5 Reasons NOT to Study Abroad

Last week I talked about five good reasons you should study abroad—things like traveling, language learning, and résumé-boosting. I think some kind of international experience while in college can be extremely beneficial for a lot of people—I grew a lot personally and linguistically in the July I spent in Costa Rica. But I also think not everyone is cut out to spend a semester away from home. Kaley Hendrickson (who writes at her blog Y Mucho Más) shared similar concerns about studying abroad two years ago, and I thought I would add my 0,02 €.

Study abroad in San Pedro, Costa Rica
Rain in San Pedro

1) It can be expensive

Lots of parents often give their children studying abroad a fat sum of money to use as their allowance to pay for rent, books, food, and traveling. If you don’t happen to have this luxury, get ready to see your savings account disappear, or take out a loan. As Susan Heller has famously said, “When preparing to travel, lay out all your clothes and all your money. Then take half the clothes and twice the money.” You’ll have to purchase things you weren’t expecting, and your trips will cost you a lot more than you were anticipating.

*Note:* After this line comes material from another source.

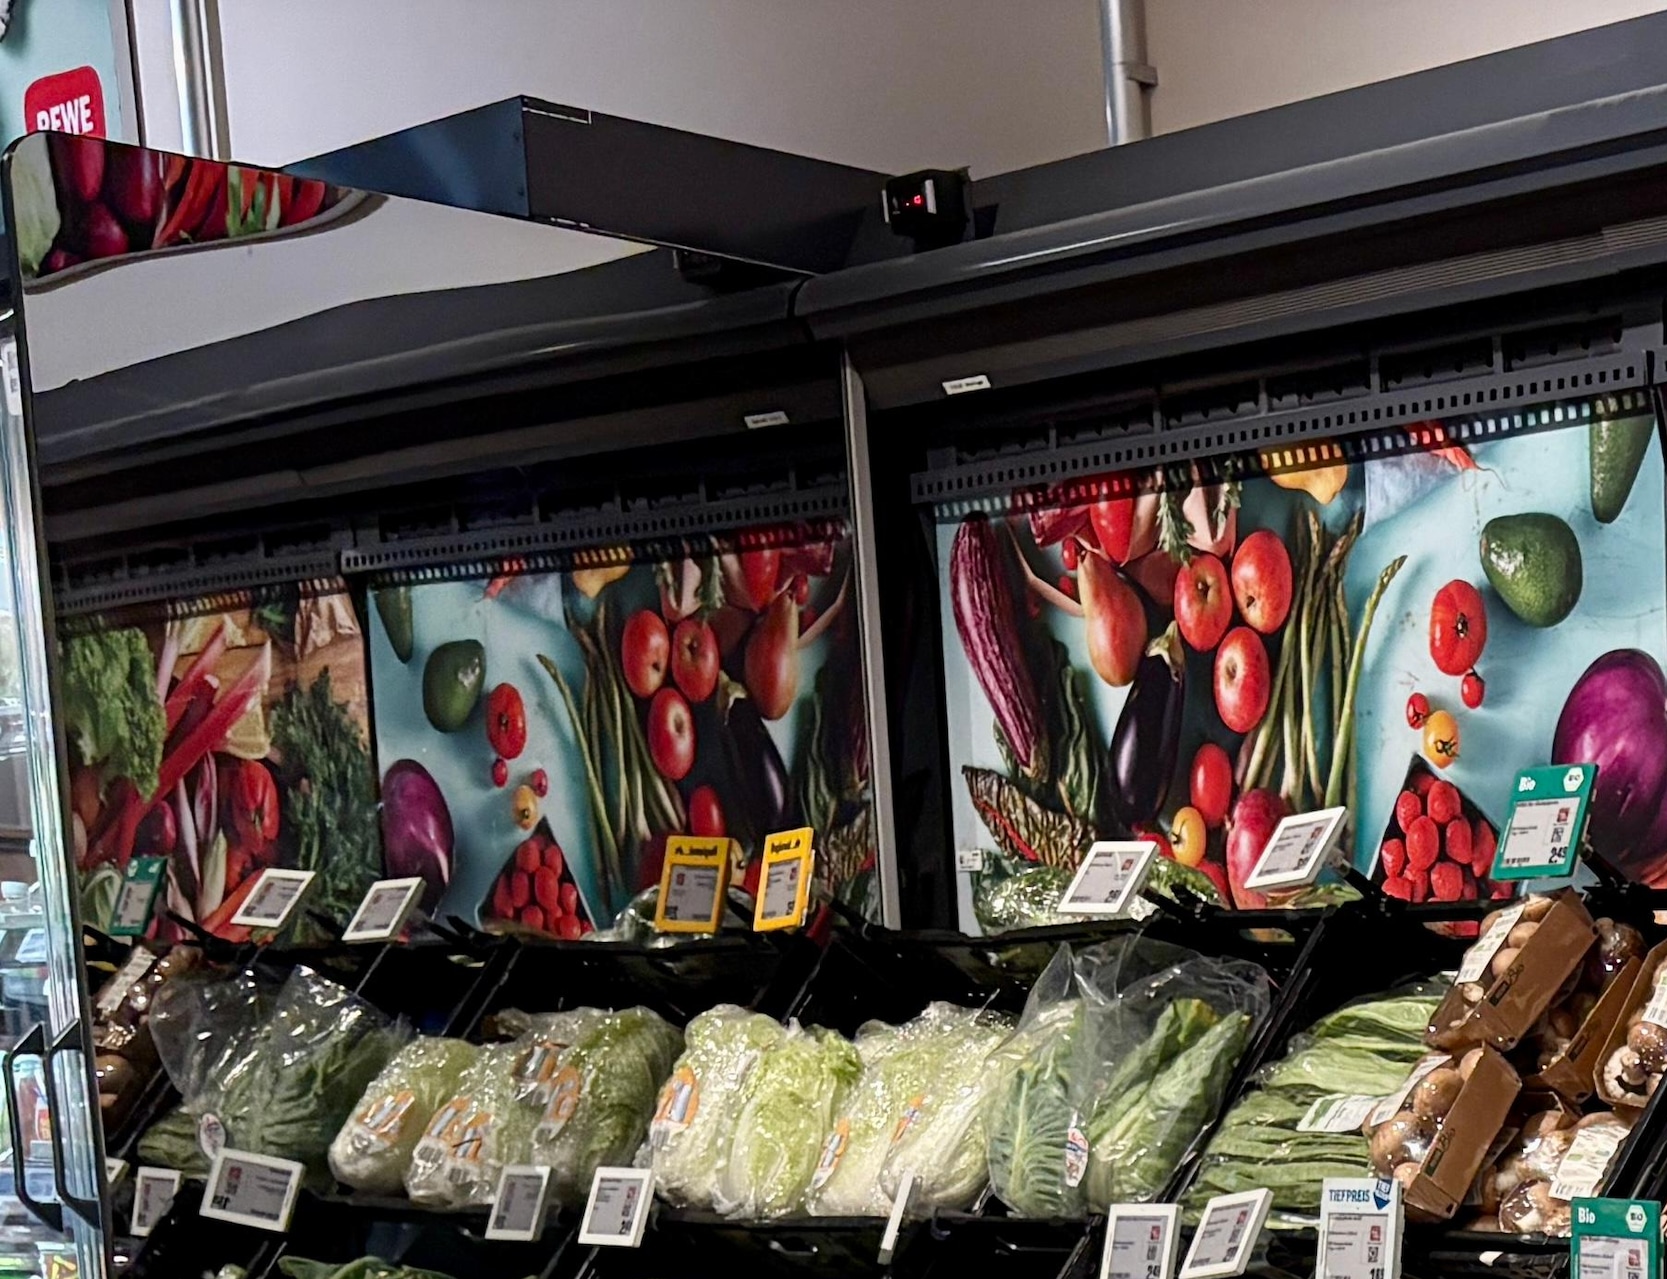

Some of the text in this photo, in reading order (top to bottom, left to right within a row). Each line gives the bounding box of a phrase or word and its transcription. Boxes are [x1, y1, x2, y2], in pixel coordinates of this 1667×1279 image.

[1519, 776, 1536, 792] Bio
[1329, 1189, 1371, 1203] TIEFPREIS
[1577, 1208, 1596, 1225] Bio

2) You can end up hanging out in English-speaking enclaves

Unless you’re going to a small university in an obscure or unpopular destination, you’ll most likely run into a community either of English-speaking expats or of fellow students abroad from the U.S., UK, and elsewhere. It can be easy to cling to these groups as an island of familiarity in a sea of Spanish, Arabic, or what have you. But while such a support group can be very beneficial, spending too much time with people who speak your language can hamper the real reason you’re going abroad: to encounter another culture and learn its language.

I’ll be the first to admit I’m guilty of this; when in Costa Rica, I traveled across the country with the other six students from my college who were there, and about a hundred other Americans were at the University of Costa Rica for the program, too—so there was a natural community of English-speaking classmates to hang out with. If I hadn’t lived with my super-helpful host family that month, I wouldn’t have grown nearly as much as I did in Spanish.

3) It can be an excuse to party on the cheap

A few months ago, I visited Washington, D.C., and met a guy from Belgium there who mentioned that, in some parts of France, beer is cheaper than water. Yes—you read that right—water can cost more than booze! And the drinking age across the vast majority of the world is 18, or lower. Students abroad often take advantage of these opportunities and spend much of their time partying and clubbing: getting wasted while wasting away their money (sorry, I couldn’t resist the pun). Look, I’m not going to judge you for wanting to have a good time, but please, don’t waste your money on an international educational experience if you’re just in it to party. Take a cruise—hop on the next flight to Ibiza—or hit up the liquor store back home, but please don’t exclusively engage in bacchanalias as a student abroad; it paints those of us genuinely interested in learning in really a bad light.</rant>

4) Sometimes life abroad can suck

Studying abroad isn’t a romantic hop across the ocean full of rich cultural exchanges 24/7. It can often be a very miserable experience, especially if you have no group of friends to commiserate with. Case in point: within days of arriving in Costa Rica, good ol’ Montezuma had his revenge on me. Additionally, it poured rain most afternoons in the Central Valley, and on the coast, the sun burnt me like it never had before north of the Tropic of Cancer. Eating rice and beans at every meal got old pretty fast, and having to deal with people who, for all practical purposes, could not speak Spanish in my advanced class was frustrating. I was there for only a month (albeit a very incredible 32 days!), so if you’re planning on three of them thousands of miles from home, get ready to stick it out through the tough days.

5) It can screw up your degree plan

For me, there was absolutely no way I could leave the States for a semester; I had too many, say, Spring-of-Odd-Numbered-Year classes that I had to take for each of my concentrations (don’t judge…I’m an overachiever). If spending a semester in, Peru, for example, was something I was really committed to, I would have had to either stay half a year longer in school (out of the question) or drop one of my majors or minors (painful). Not everyone has the freedom in their degree plan to hop across the ocean for three months.